Challenge: How can one capture and measure the benefits of knowledge sharing? The participants in this open space session discussed the challenges associated with assessing the impact or results of a KM activity. We agreed that while one can tally web statistics, this quantitative measure does not speak to the quality of interactions and exchanges that a website might support. Participants shared ideas for how one might qualitatively and quantitatively measure the impacts of knowledge sharing activities.

Goals: • To provide to Donors, Clients and target/user groups information that demonstrates that funding for knowledge management (KM) is well spent. • To allow project teams to meet these groups’ need for quantifiable data.

Getting started: Measuring outputs or outcomes or both? KM efforts produce outputs (e.g. lessons learned, manuals, conference proceedings, workshops, listservs, websites etc.) and they also contribute towards achieving project outcomes (e.g. giving farmers access to market information, improving forest management practices, increasing awareness about health threats). Before setting up a plan for monitoring and evaluation it is important to decide why and how to measure outputs, outcomes or both.
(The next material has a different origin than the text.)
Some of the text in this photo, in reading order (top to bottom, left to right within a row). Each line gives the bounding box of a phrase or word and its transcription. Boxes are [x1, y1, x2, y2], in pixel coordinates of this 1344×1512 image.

Methods: Ways to measure your KM impact

Qualitative Methods “The Kudos File” A “Kudos File” or compliment file can capture qualitative information that demonstrates how KM efforts are addressing project needs for services (outputs) and goals (outcomes). A “Kudos File” can be kept over the life of the project to capture unsolicited feedback, or feedback in response to a targeted evaluation or survey. It is important to log the time, context of the comment and person giving the feedback. Benefits: This method is simple and low tech. It provides anecdotal evidence of project impacts. Limitations: This method, if not applied with a broad survey or evaluation will not represent larger target audiences.

Outcome mapping Outcome maps can be used to show change: behavioral; market; etc. It can be effectively applied to show project outcomes e.g. for capacity building; are groups trained able to more effectively influence their surroundings? By documenting relationships between actors before and after a project, outcome mapping can show how peoples’ abilities, confidence and behavior have changed. Benefits: This method provides information that demonstrates how the KM efforts in a program contribute to achieving the project goals (outcomes). Limitations: Requires substantial baseline and post-project information about target groups. Outcomes can be affected by forces outside the project (e.g. political or legal changes, other programs, etc.).
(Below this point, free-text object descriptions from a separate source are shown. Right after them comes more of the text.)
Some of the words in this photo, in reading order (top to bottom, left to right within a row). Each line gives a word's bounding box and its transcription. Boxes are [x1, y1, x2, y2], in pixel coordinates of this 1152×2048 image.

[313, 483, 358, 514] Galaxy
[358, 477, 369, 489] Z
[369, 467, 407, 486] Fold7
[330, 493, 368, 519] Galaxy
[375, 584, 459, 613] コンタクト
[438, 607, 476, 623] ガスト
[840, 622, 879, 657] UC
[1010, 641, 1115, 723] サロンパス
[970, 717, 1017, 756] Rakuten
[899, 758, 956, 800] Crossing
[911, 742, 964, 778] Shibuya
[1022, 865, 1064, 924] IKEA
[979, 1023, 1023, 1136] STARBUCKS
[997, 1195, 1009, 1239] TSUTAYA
Quantitative Web stats Web statistics can be used to trace various output related information on project websites (e.g. users registered, hits, and document downloads). It is also possible to track RSS feed usage through services like FeedBurner. There are emerging standards for web stats that help website managers look at trends in use rather than raw numbers. Benefits: Web stats are quantifiable and show trends in web resource use. Limitations: If you are offering a site that is not mainstream, or not meant to be frequently visited, this is not as useful. Also, bots visit sites and this creates many ‘false’ web hits. Web statistics offer little information about project outcomes. Also, if project KM efforts do not involve a website this is of no use.

Mixed Tools: Survey Tools survey tools like Survey Monkey and others can help to provide qualitative and quantitative information by allowing survey designers to include numerical rankings and qualitative responses. It is important to define what your questions are before starting to design a survey. Are they utilization based (outputs) or objective based (outcomes)? Benefits: Survey can solicit feedback about specific program products (outputs) and progress towards goals (outcomes). Surveys can target larger groups. Electronic surveys provide information for easy trend analysis. Limitations: Surveys only give feedback from those who take the time to respond, potentially biased samples.
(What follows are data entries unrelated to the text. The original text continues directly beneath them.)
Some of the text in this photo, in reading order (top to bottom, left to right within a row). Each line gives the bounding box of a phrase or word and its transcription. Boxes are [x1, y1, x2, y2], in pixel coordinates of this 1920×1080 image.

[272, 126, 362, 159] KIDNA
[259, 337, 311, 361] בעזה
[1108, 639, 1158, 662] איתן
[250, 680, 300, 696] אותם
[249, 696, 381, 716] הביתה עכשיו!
Social network Analysis maps connections between groups based on exchange of information and ideas. For web, you can incorporate user stats to map who was downloading different information. Social network visualization software used to map connections. Content is a reflection of the user. Mark access to documents between the actors. (map: notes for actors, color coded with characteristics, lines can have value that you want # of downloads, page hits) 1. Tools: Netdraw- free, other proprietary software. 2. Social network data over time can show behavior change. 3. Challenges: does not necessarily address quality issues or effects of information after download. Benefits: Shows connections between groups (outcomes) affected by the use of KM tools. Limitations: Requires substantial baseline and post-project information about target groups. Outcomes can be affected by forces outside the project (e.g. political or legal changes, other programs, etc.).

Peer groups or focus groups can contribute to finding out what has led to behavior change. Benefits: Focus groups can provide in depth information. Limitations: Small group samples and more work to organize.

Other approaches: Connecting with business goals may be a useful approach to ground the KM work. Donor M&E guidelines can also be useful for determining the outcomes of KM investments.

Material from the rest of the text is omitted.